BACKGROUND: The objective of this study is to explore the off-label use of targeted therapies (TTs) for patients with osteosarcoma registered within the French Sarcoma Group--Bone Tumor Study Group (GSF-GETO) national registry. METHODS: All patients with an osteosarcoma, registered between January 1, 2009 and July 15, 2013 were analyzed. RESULTS: Twenty-nine patients with refractory relapsed osteosarcomas received 33 treatment lines of TTs. The median age at the beginning of treatment was 19 years (range 9-72). The median number of previous lines of chemotherapy was 3 (range 1-8). Before inclusion, 3 patients were in second complete remission, 26 were in progression for metastatic relapse. Twenty-three patients received sirolimus (in combination with cyclophosphamide for 18); 5, sunitinib; 4, sorafenib; and one, pazopanib.

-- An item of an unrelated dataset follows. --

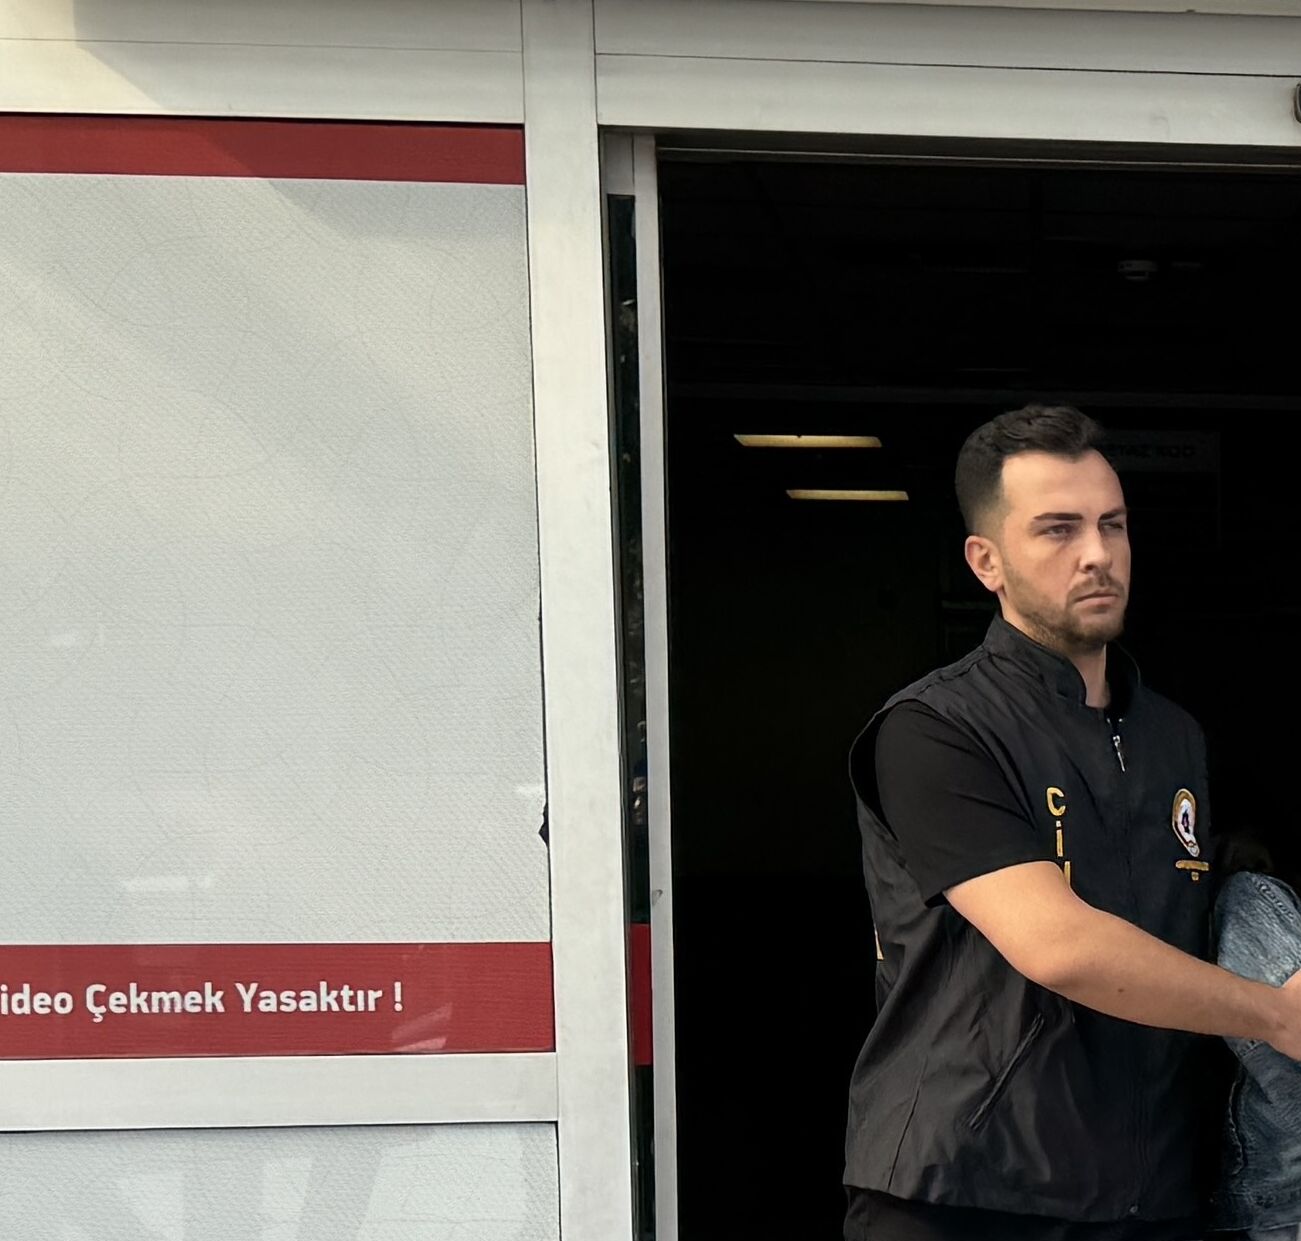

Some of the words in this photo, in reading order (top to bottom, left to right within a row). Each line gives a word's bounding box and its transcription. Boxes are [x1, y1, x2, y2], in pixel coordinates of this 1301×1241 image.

Stable disease was observed for 45.5% of patients (95% Confidence Interval (CI) [20-52.8]). The median Progression-Free Survival (PFS) was 3 months (95% CI [2-5.4]) for patients treated by sirolimus and 1.8 months (95% CI [1.3-2.8]) for patients receiving multi-targeted tyrosine kinase inhibitors; 6-month PFS 15%. The median Overall Survival (OS) was 6.8 months (95% CI [4.7-12.1]), and one-year OS was 24%. In a multivariate analysis, PFS was superior for patients receiving sirolimus compared to other TTs (Hazard Ratio (HR) = 2.7, 95% CI [1.05-7.1]). No toxic death was reported. Grade 3 and 4 toxicities were observed in 27 and 6% of cases respectively. CONCLUSION: Off-label TTs, especially sirolimus, reported benefit in the treatment of refractory osteosarcomas with an acceptable toxicity profile, including in pediatric population.